**Exercise prompt**. Output the listing below verbatim, without images.

**Stored data**.
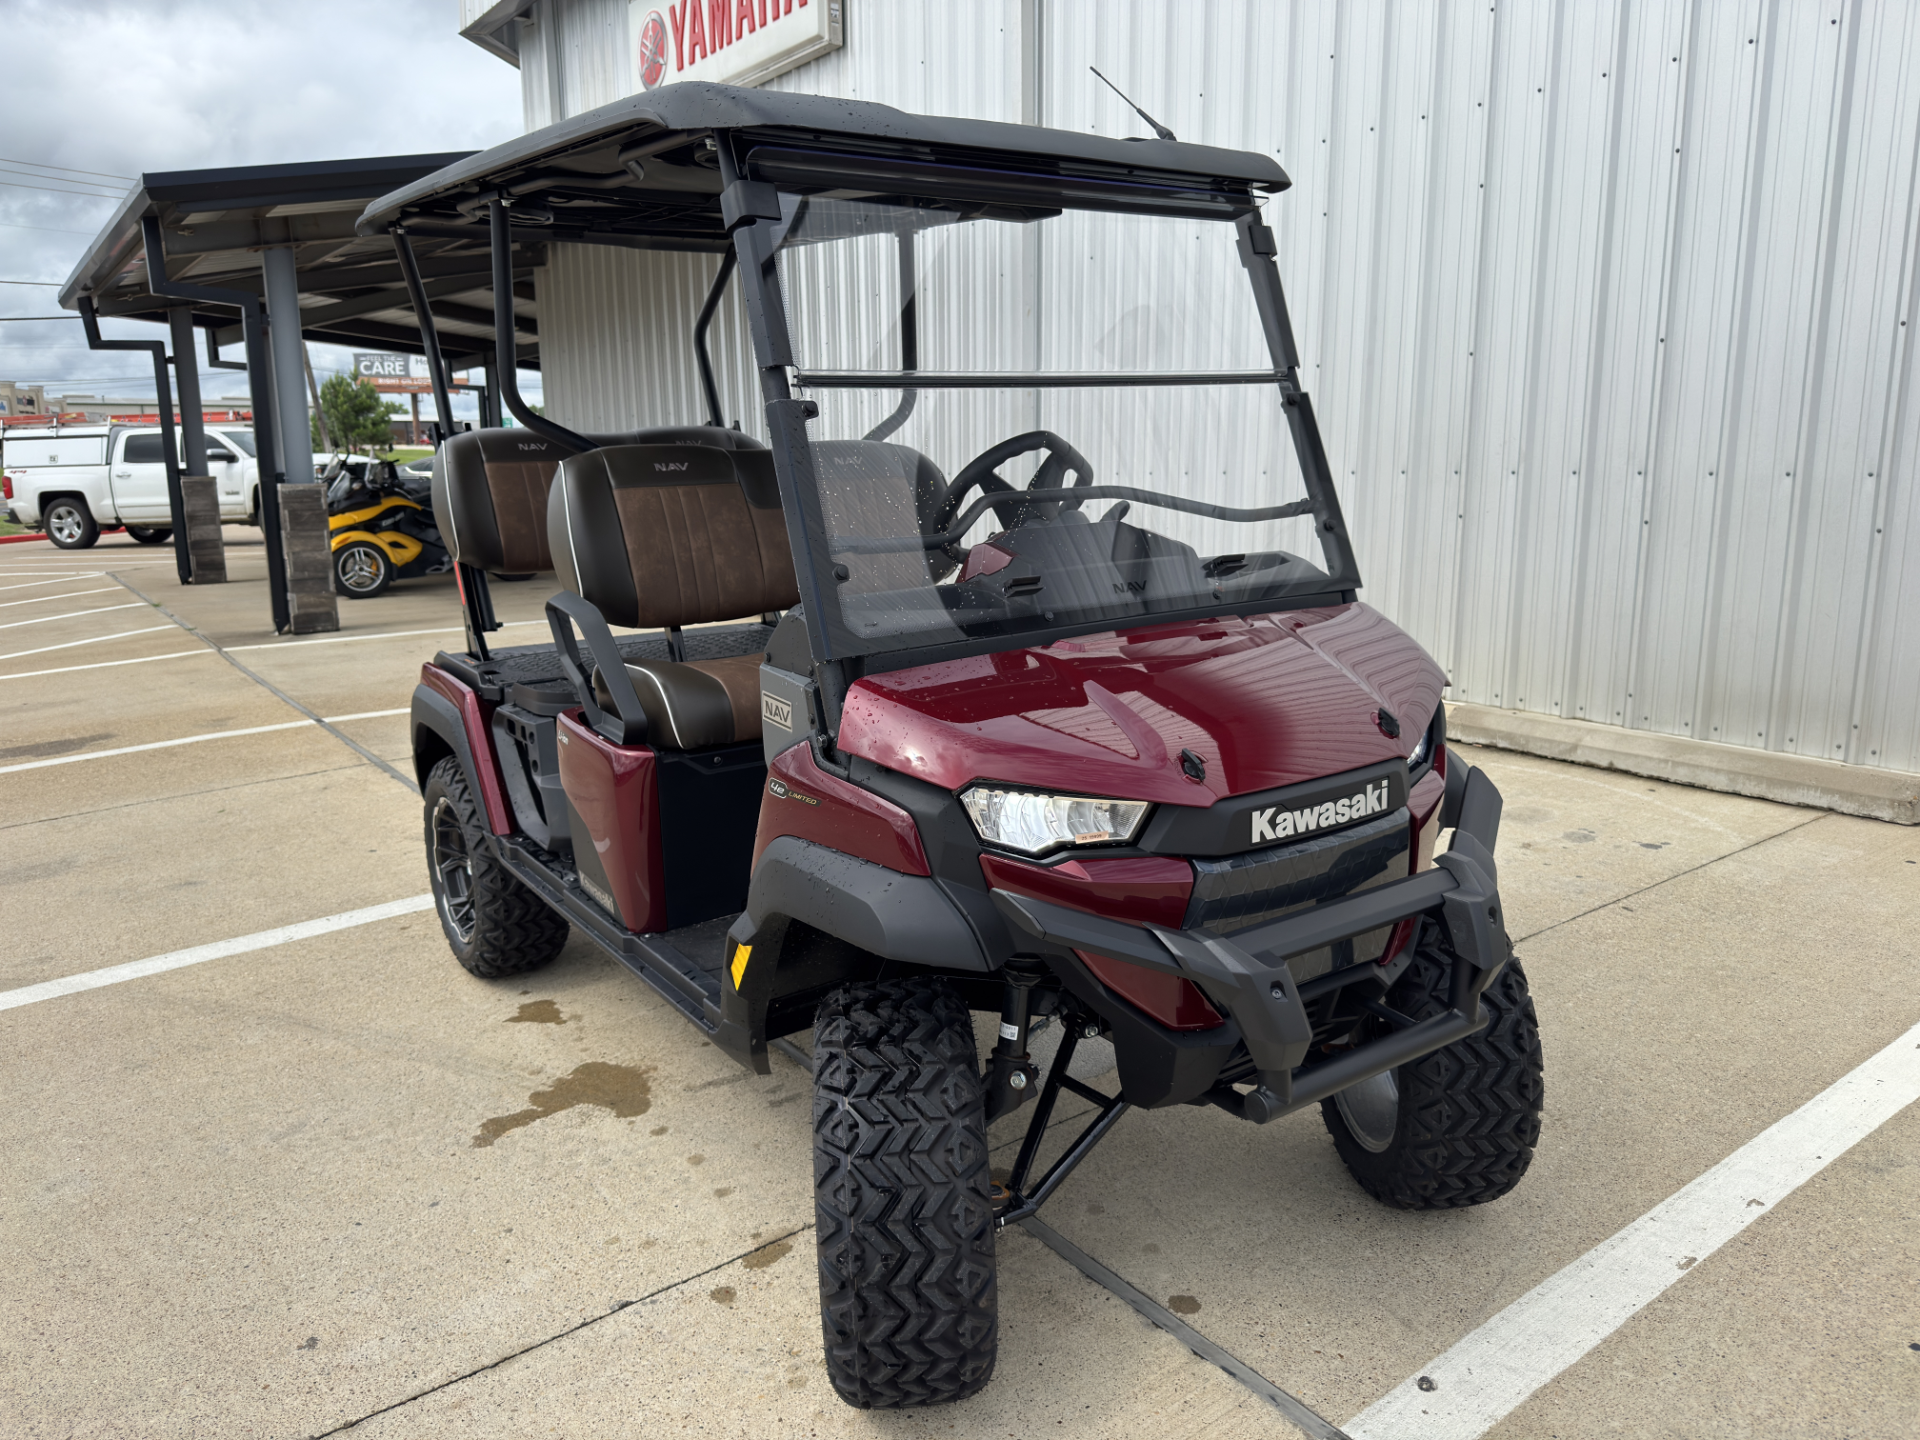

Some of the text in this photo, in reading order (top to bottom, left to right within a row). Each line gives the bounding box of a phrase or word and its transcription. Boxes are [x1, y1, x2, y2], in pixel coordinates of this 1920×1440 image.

[669, 0, 808, 71] YAMA
[359, 361, 405, 375] CARE
[378, 377, 399, 385] RIGHT
[518, 443, 548, 451] NAV
[653, 462, 689, 471] NAV
[834, 457, 862, 465] NAV
[1111, 580, 1147, 594] NAV
[765, 700, 790, 722] NAV
[788, 791, 817, 805] LIMITED
[1251, 779, 1388, 844] Kawasaki

**Result**.
Some of the text in this photo, in reading order (top to bottom, left to right within a row). Each line gives the bounding box of a phrase or word and its transcription. Boxes are [x1, y1, x2, y2], in pixel coordinates of this 1920×1440 image.

[669, 0, 808, 71] YAMA
[359, 361, 405, 375] CARE
[378, 377, 399, 385] RIGHT
[518, 443, 548, 451] NAV
[653, 462, 689, 471] NAV
[834, 457, 862, 465] NAV
[1111, 580, 1147, 594] NAV
[765, 700, 790, 722] NAV
[788, 791, 817, 805] LIMITED
[1251, 779, 1388, 844] Kawasaki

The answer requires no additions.